**Try it:** Where a picture appears, leave it out, and print the rest of the records as they are.

**Recorded information:**
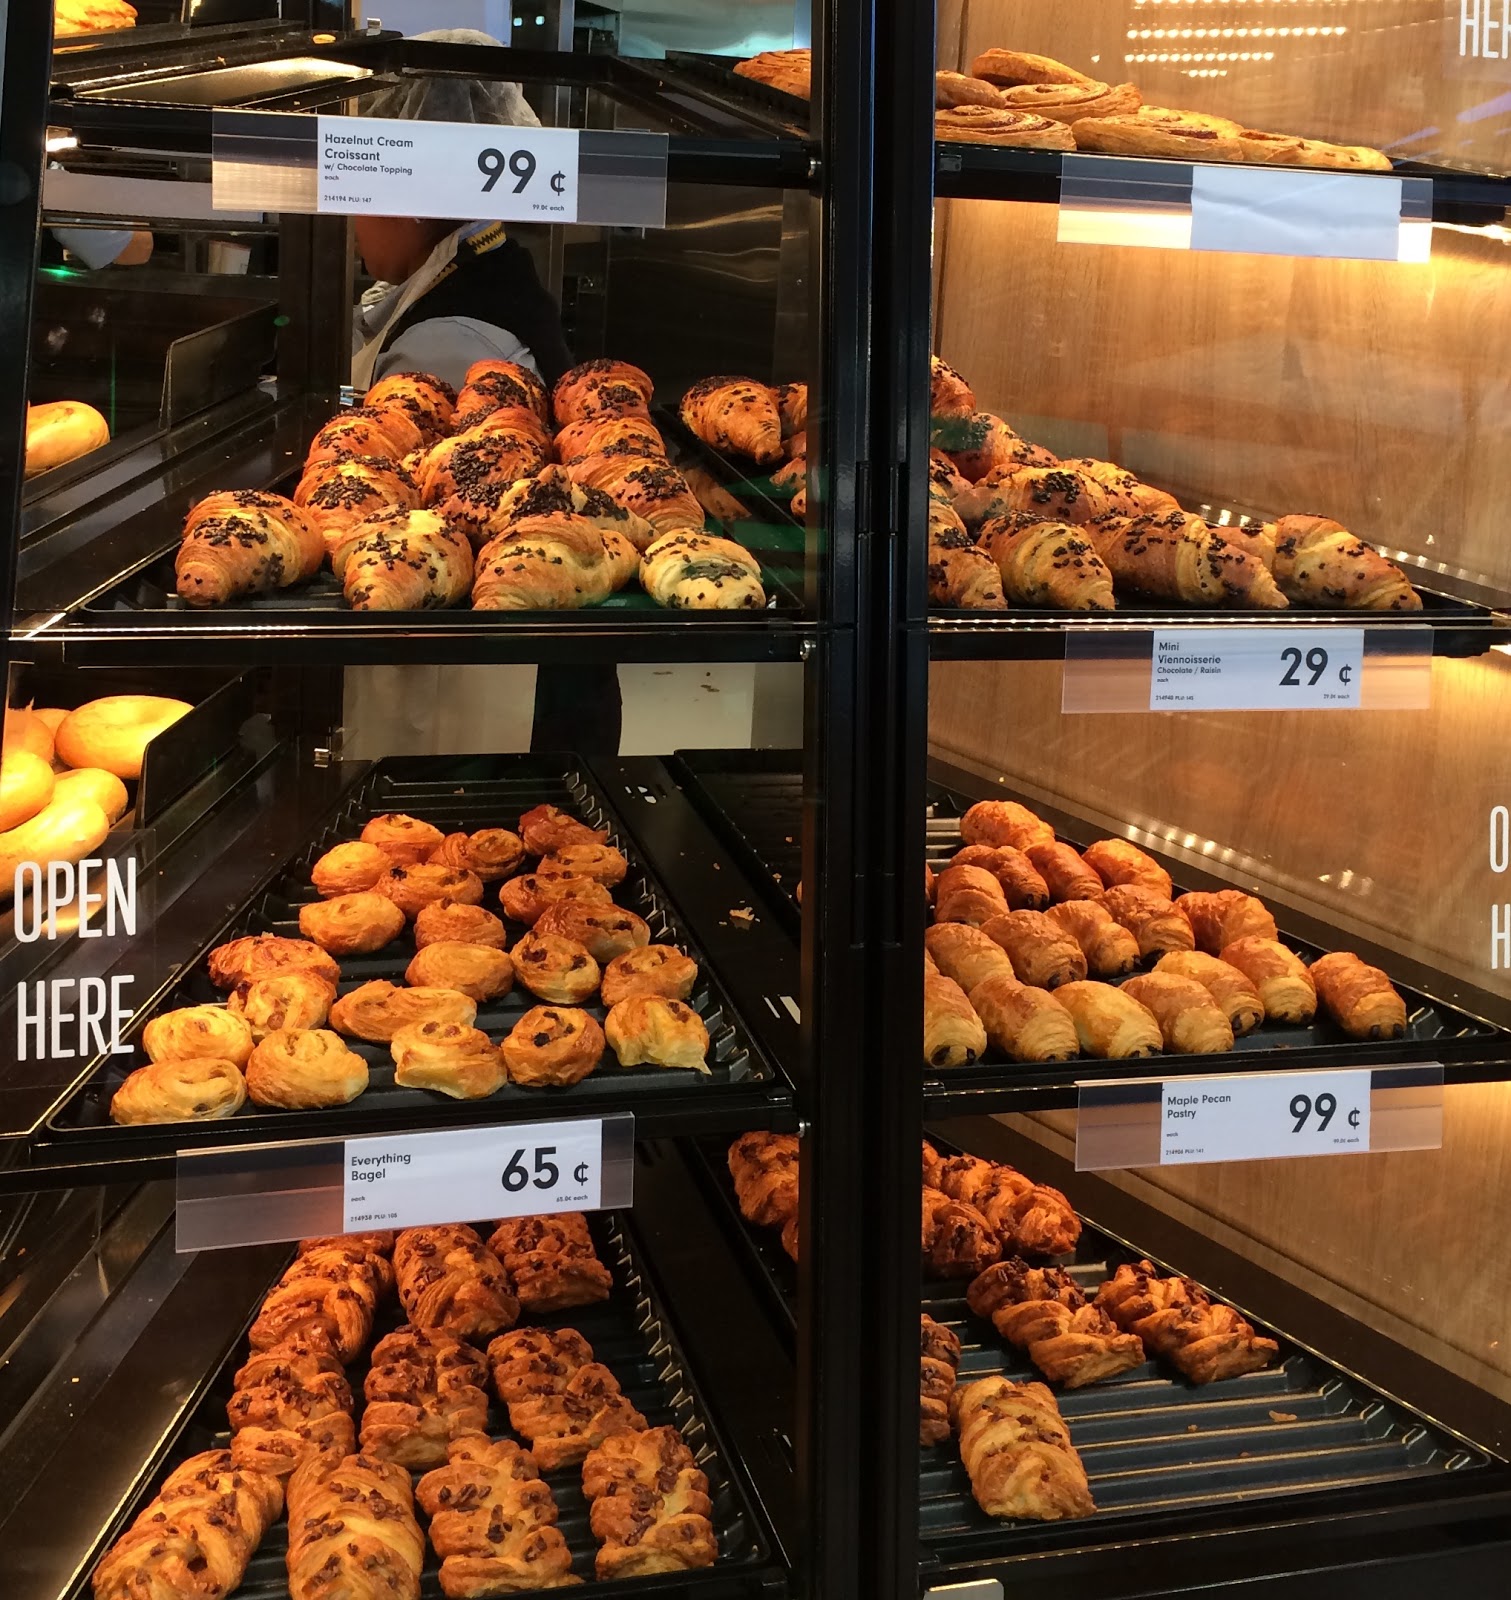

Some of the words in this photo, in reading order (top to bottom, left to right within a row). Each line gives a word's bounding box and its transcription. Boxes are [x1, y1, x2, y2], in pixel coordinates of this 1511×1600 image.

[324, 133, 374, 146] Hazelnut
[377, 135, 414, 148] Cream
[324, 148, 381, 161] Croissant
[324, 163, 335, 171] w/
[337, 162, 378, 172] Chocolate
[380, 165, 413, 176] Topping
[477, 147, 537, 194] 99
[550, 170, 566, 196] ¢
[1159, 641, 1180, 651] Mini
[1158, 654, 1221, 665] Viennoisserie
[1279, 647, 1329, 686] 29
[1338, 664, 1352, 686] ¢
[1157, 666, 1193, 674] Chocolate
[1200, 666, 1222, 674] Raisin
[14, 857, 137, 943] OPEN
[17, 974, 135, 1062] HERE
[1167, 1095, 1199, 1107] Maple
[1202, 1093, 1232, 1104] Pecan
[1167, 1108, 1196, 1120] Pastry
[1289, 1092, 1337, 1133] 99
[1347, 1107, 1361, 1130] ¢
[351, 1152, 412, 1168] Everything
[351, 1168, 386, 1182] Bagel
[501, 1146, 560, 1192] 65
[573, 1162, 589, 1186] ¢

**Exercise output:**
Some of the words in this photo, in reading order (top to bottom, left to right within a row). Each line gives a word's bounding box and its transcription. Boxes are [x1, y1, x2, y2], in pixel coordinates of this 1511×1600 image.

[324, 133, 374, 146] Hazelnut
[377, 135, 414, 148] Cream
[324, 148, 381, 161] Croissant
[324, 163, 335, 171] w/
[337, 162, 378, 172] Chocolate
[380, 165, 413, 176] Topping
[477, 147, 537, 194] 99
[550, 170, 566, 196] ¢
[1159, 641, 1180, 651] Mini
[1158, 654, 1221, 665] Viennoisserie
[1279, 647, 1329, 686] 29
[1338, 664, 1352, 686] ¢
[1157, 666, 1193, 674] Chocolate
[1200, 666, 1222, 674] Raisin
[14, 857, 137, 943] OPEN
[17, 974, 135, 1062] HERE
[1167, 1095, 1199, 1107] Maple
[1202, 1093, 1232, 1104] Pecan
[1167, 1108, 1196, 1120] Pastry
[1289, 1092, 1337, 1133] 99
[1347, 1107, 1361, 1130] ¢
[351, 1152, 412, 1168] Everything
[351, 1168, 386, 1182] Bagel
[501, 1146, 560, 1192] 65
[573, 1162, 589, 1186] ¢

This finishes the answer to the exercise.